I was tantalized by these few breadcrumbs of recollection from Bonhoeffer’s governesses that made their way into the book. Surely their full letters must exist somewhere? I wondered, too, if Bosanquet could still be alive.

My Bosanquet sleuthing proved harder than I expected. The internet yielded no information –although I learned from bookseller sites that Bosanquet had published several other books, including Canada Ride, her account of riding across Canada on horseback in 1939 and Journey into A Picture, her story of being posted to Italy with the YMCA during World War II as the Nazis were being pushed out. I ordered the books, both out of print, from used booksellers.  Canada Ride, also published under the title Saddlebags for Satchels, duly arrived; Journey into A Picture never did.

Canada Ride yielded interesting biographical information about Bosanquet. She grew up in Beechingstoke Manor farm in the tiny village of Beechingstoke, England. Her father was a diplomat in Frankfurt, and so she spent part of her childhood there, developing a fondness for the German people. When she rode across Canada, her way of distancing herself from the war she knew was coming (it broke out during her ride), she was 24, and had already had a Christian conversion experience. On March 31, 1939, when she boarded the Duchess of Bedford to sail to Canada, Dietrich Bonhoeffer was visiting Sabine in London during the “glorious” spring of 1939.

Canada Ride, translated into German, became a best seller there after the war, perhaps in part because Bosanquet spoke generously of the Germans in the book, stating when the war broke out that she could never hate them. In 1948, Bosanquet met and hit it off with Sabine. This isn’t surprising, given that the two women were from the same social class, elite but not aristocratic, close in age, had lived in the other’s home country,  were fluent in both German and English, and were intelligent, accomplished women.

All of this fascinated me.

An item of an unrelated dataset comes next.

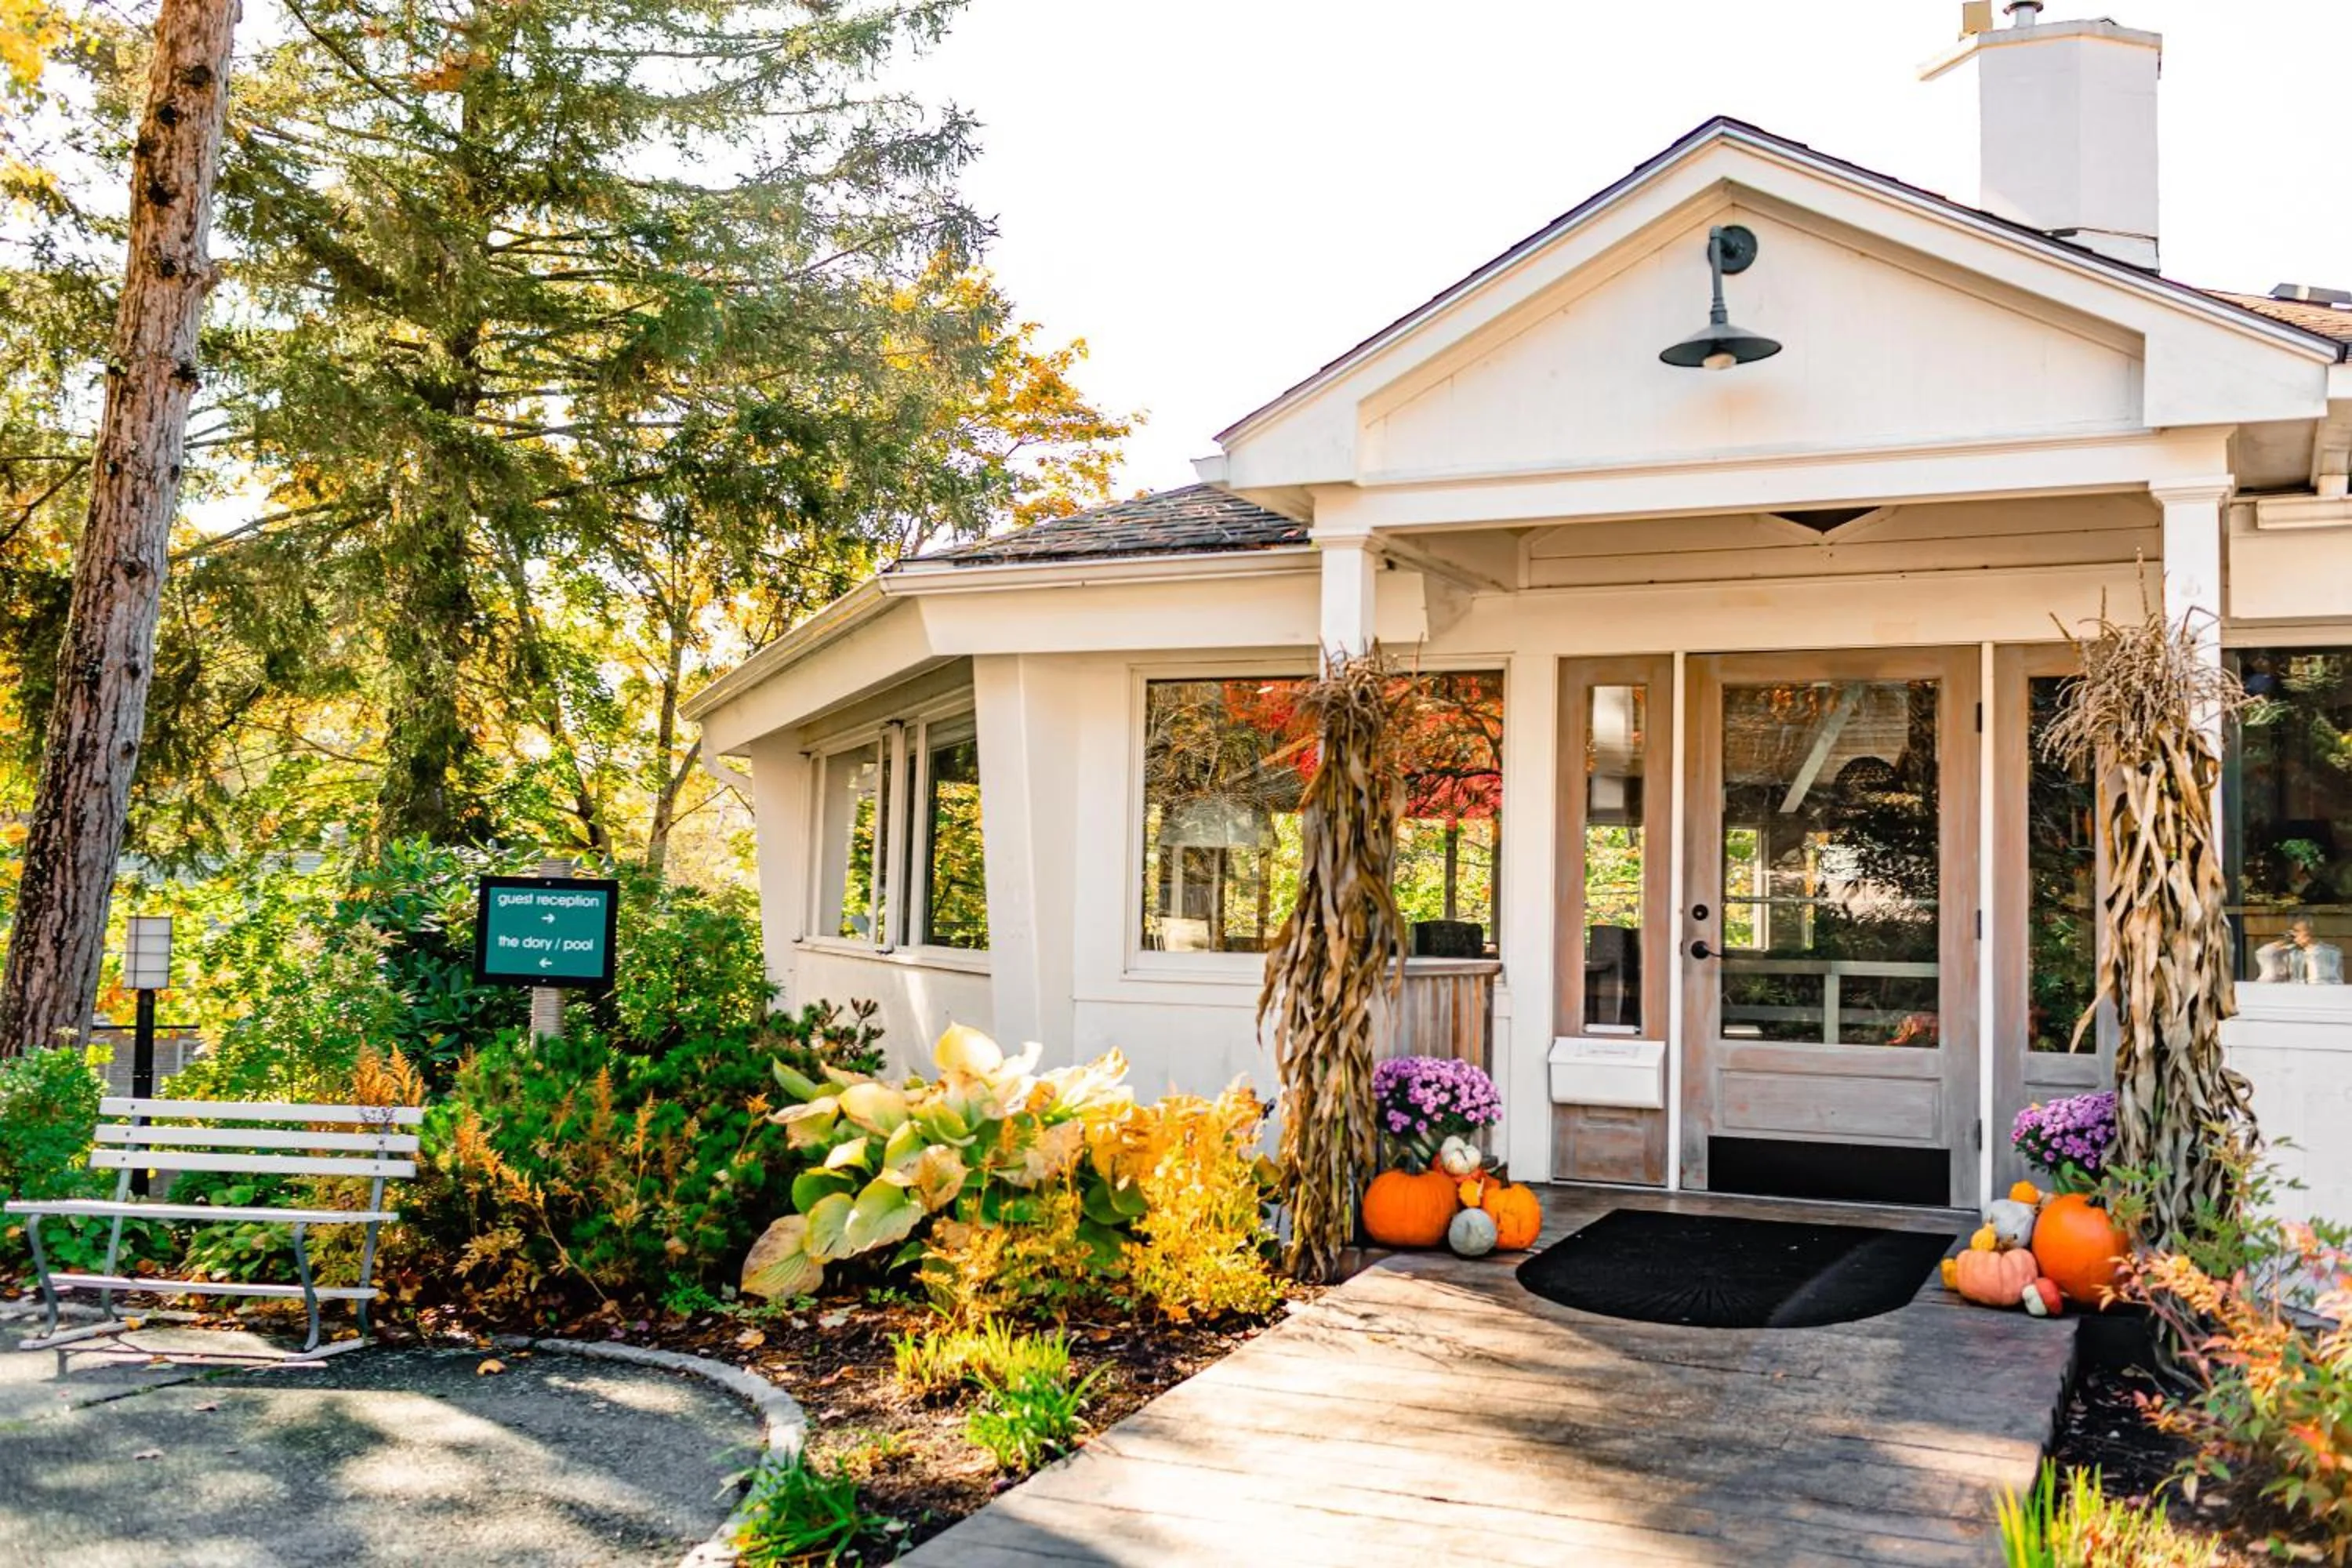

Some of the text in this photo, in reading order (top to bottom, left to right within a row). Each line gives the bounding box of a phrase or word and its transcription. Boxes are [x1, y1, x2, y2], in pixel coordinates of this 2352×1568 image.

Since I dscovered Bosanquet was born in 1913, I now imagined she had passed away. (She may still be alive at 101–she was born in December, 1913.) Knowing her father was a diplomat helped me locate her particular family, but as for any direct descendants I was stymied. I contacted a British cyber friend and genealogist, Ron Dunning, who established that Bosanquat had married a Robert Sinkler Darby in Princeton, NJ in 1947. The intrepid Ron also discovered  that the couple had three children, moved back to England and that at least some of the now adult children (and/or their own children) live near Bath.

Since that time (last June), I have been too busy to pursue this line of sleuthing any further, but would be interested to know if any of Bosanquet’s Bonhoeffer papers are extant. To the extent she corresponded with Sabine, Eberhard, the Horn sisters and others, her materials would surely be of interest to Bonhoeffer scholars. I hope to share more information as I have time to continue these researches and would be glad of any input.

I find it fitting that Bonhoeffer’s first biographer was a woman, an accomplished author, and a friend of Sabine’s. After all, as I discovered, except for Eberhard, Bonhoeffer’s innermost circle consisted entirely of women, and except for Eberhard, Dietrich was closest to Sabine. I’m not surprised Sabine would strike up a friendship with Bosanquet–or that a woman would be the first to tell Sabine’s beloved brother’s story.